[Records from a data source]
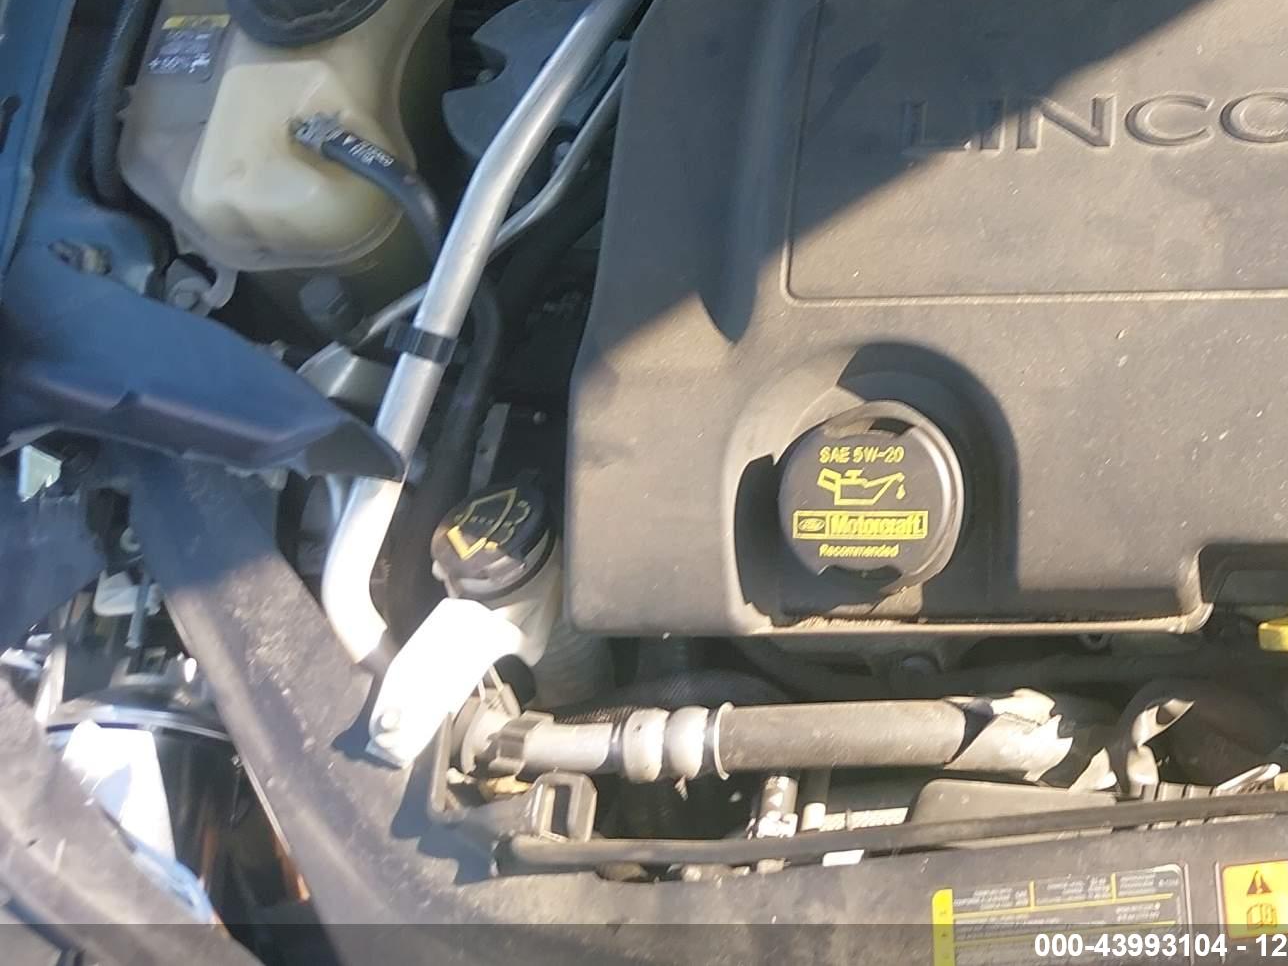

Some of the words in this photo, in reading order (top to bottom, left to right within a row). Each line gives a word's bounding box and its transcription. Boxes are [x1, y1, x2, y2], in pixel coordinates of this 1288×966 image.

[819, 446, 850, 463] SAE
[853, 445, 905, 463] 5W-20
[829, 514, 925, 535] Motorcraft
[819, 543, 900, 558] Recommended

* [Task statement] Leaving out only the pictures, retype every record exactly.

* [Answer space]
Some of the words in this photo, in reading order (top to bottom, left to right within a row). Each line gives a word's bounding box and its transcription. Boxes are [x1, y1, x2, y2], in pixel coordinates of this 1288×966 image.

[819, 446, 850, 463] SAE
[853, 445, 905, 463] 5W-20
[829, 514, 925, 535] Motorcraft
[819, 543, 900, 558] Recommended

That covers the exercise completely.